An exact transcription of the entries is required, with none of the pictures carried over.

Top of AVAILABLE DATA

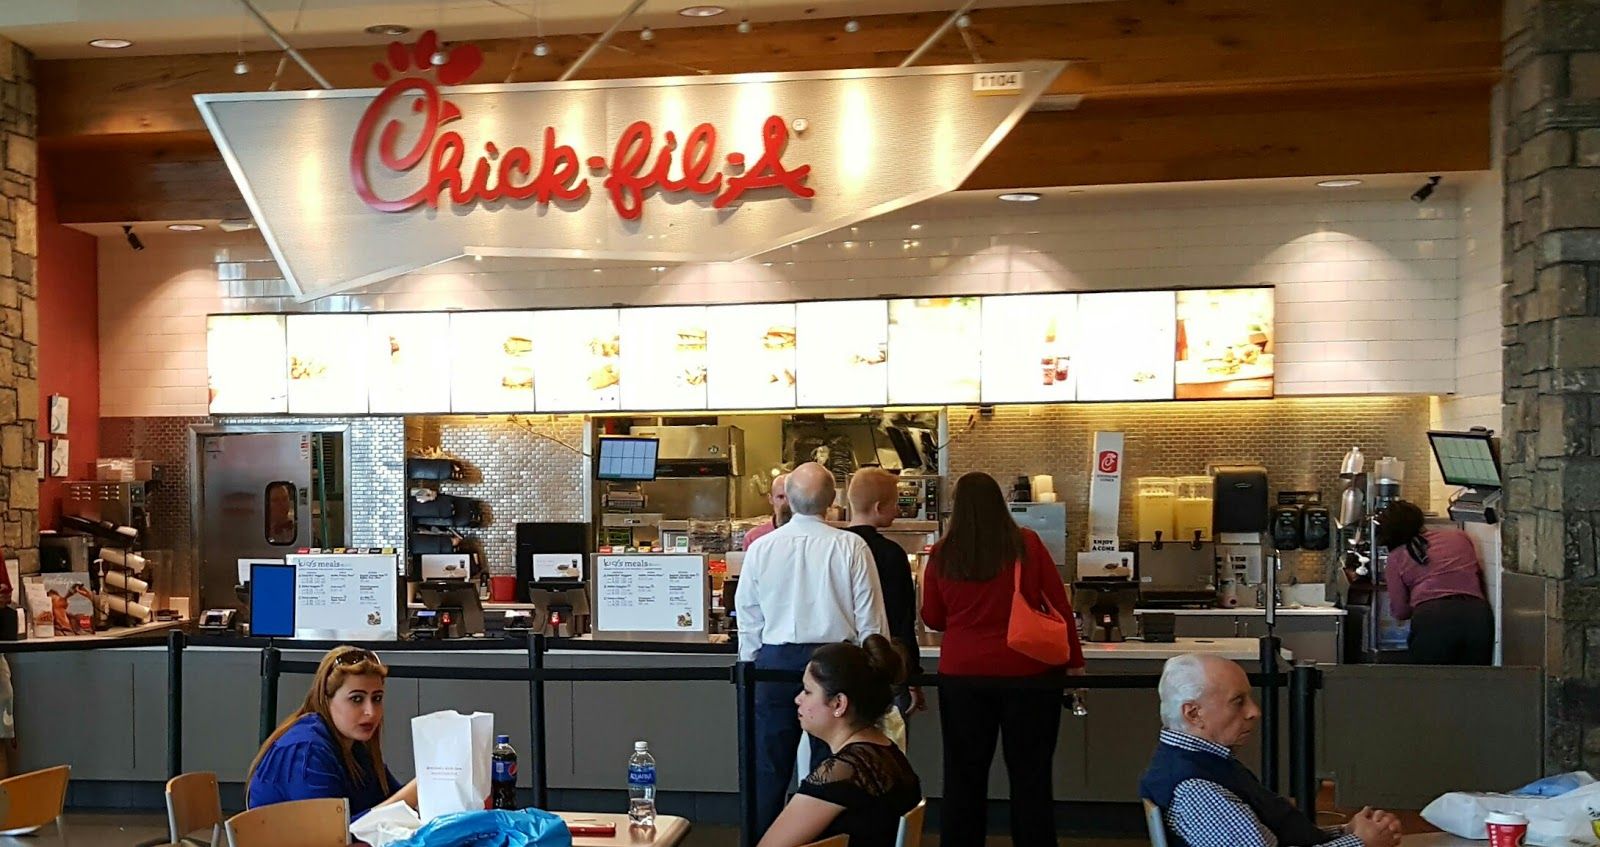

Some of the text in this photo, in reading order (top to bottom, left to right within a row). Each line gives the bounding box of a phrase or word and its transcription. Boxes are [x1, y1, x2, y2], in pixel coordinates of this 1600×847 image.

[979, 74, 1018, 88] 1104
[350, 70, 815, 220] Chick-fil-A
[317, 559, 341, 568] meals
[624, 558, 648, 568] meals
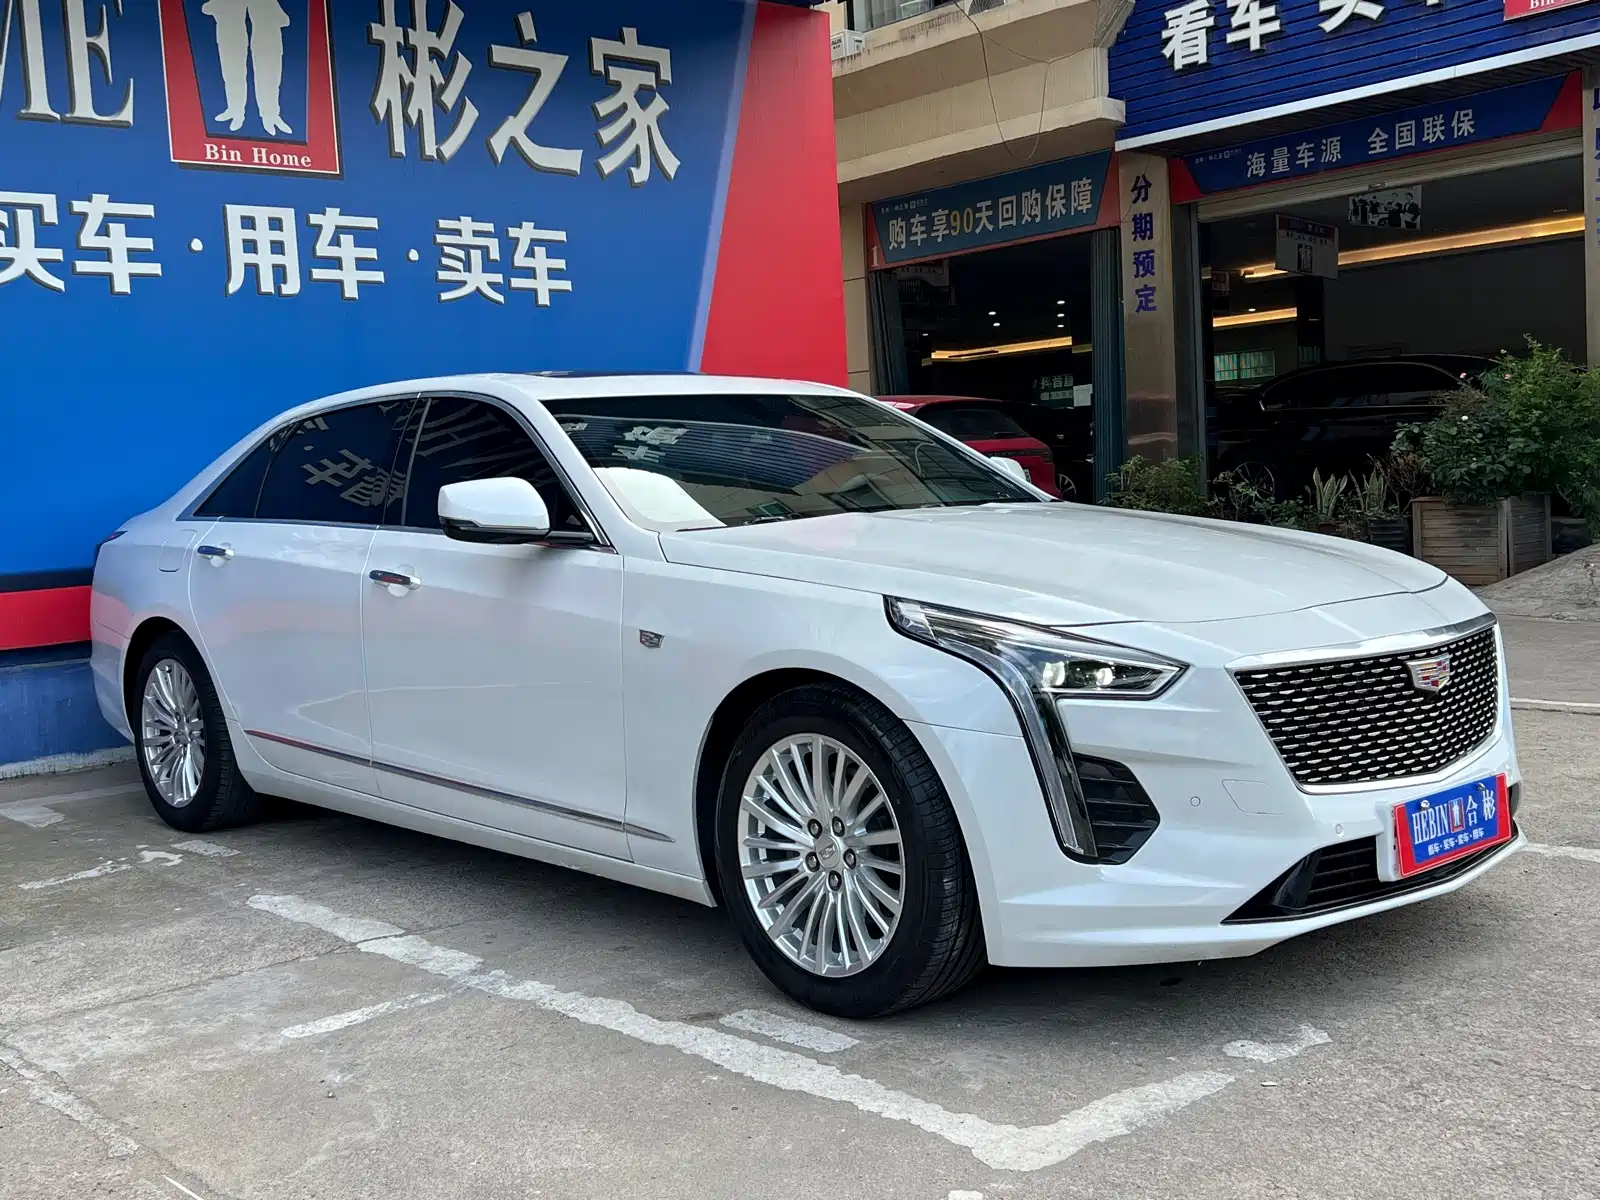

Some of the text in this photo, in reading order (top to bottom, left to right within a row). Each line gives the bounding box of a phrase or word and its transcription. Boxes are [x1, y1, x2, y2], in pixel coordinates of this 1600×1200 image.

[367, 0, 681, 187] 彬之家
[203, 143, 312, 168] Bin Home
[1246, 136, 1342, 178] 海量车源
[1367, 108, 1476, 156] 全国联保
[888, 177, 1093, 251] 购车享90天回购保障
[1131, 174, 1157, 314] 分期预定
[1411, 803, 1450, 844] HEBIN
[1466, 789, 1496, 826] 合彬
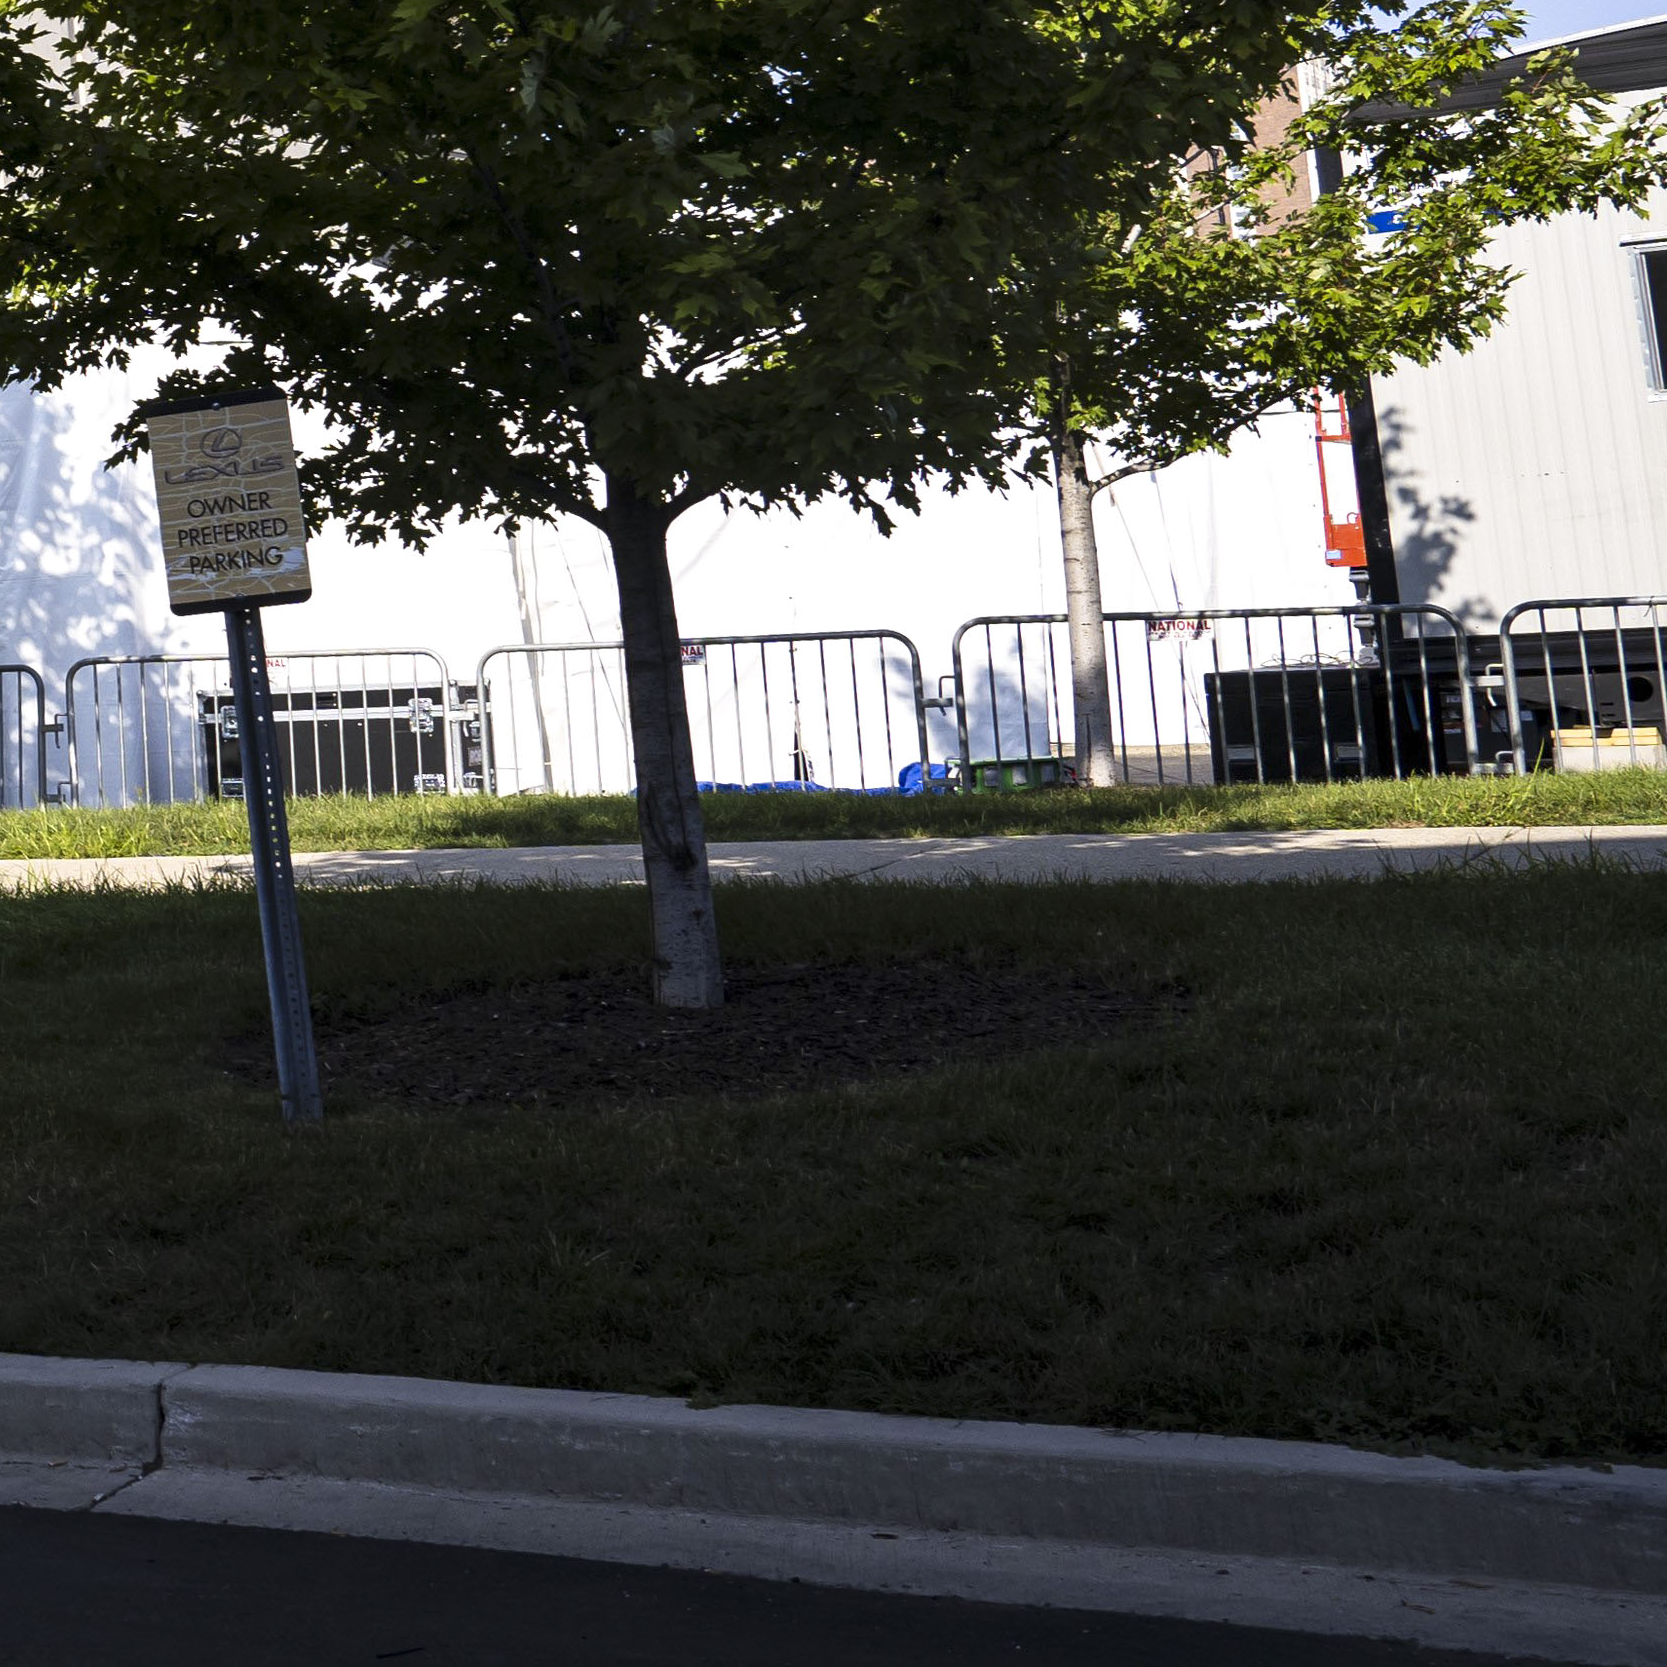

Bottom of AVAILABLE DATA

TASK RESULT —
Some of the text in this photo, in reading order (top to bottom, left to right within a row). Each line gives the bounding box of a phrase or word and its transcription. Boxes are [x1, y1, x2, y2], in pixel coordinates of this 1600×847 image.

[979, 74, 1018, 88] 1104
[350, 70, 815, 220] Chick-fil-A
[317, 559, 341, 568] meals
[624, 558, 648, 568] meals

Some of the text in this photo, in reading order (top to bottom, left to right within a row). Each line gives the bounding box of a phrase or word and its transcription. Boxes are [x1, y1, x2, y2], in pixel coordinates of this 1600×1200 image.

[367, 0, 681, 187] 彬之家
[203, 143, 312, 168] Bin Home
[1246, 136, 1342, 178] 海量车源
[1367, 108, 1476, 156] 全国联保
[888, 177, 1093, 251] 购车享90天回购保障
[1131, 174, 1157, 314] 分期预定
[1411, 803, 1450, 844] HEBIN
[1466, 789, 1496, 826] 合彬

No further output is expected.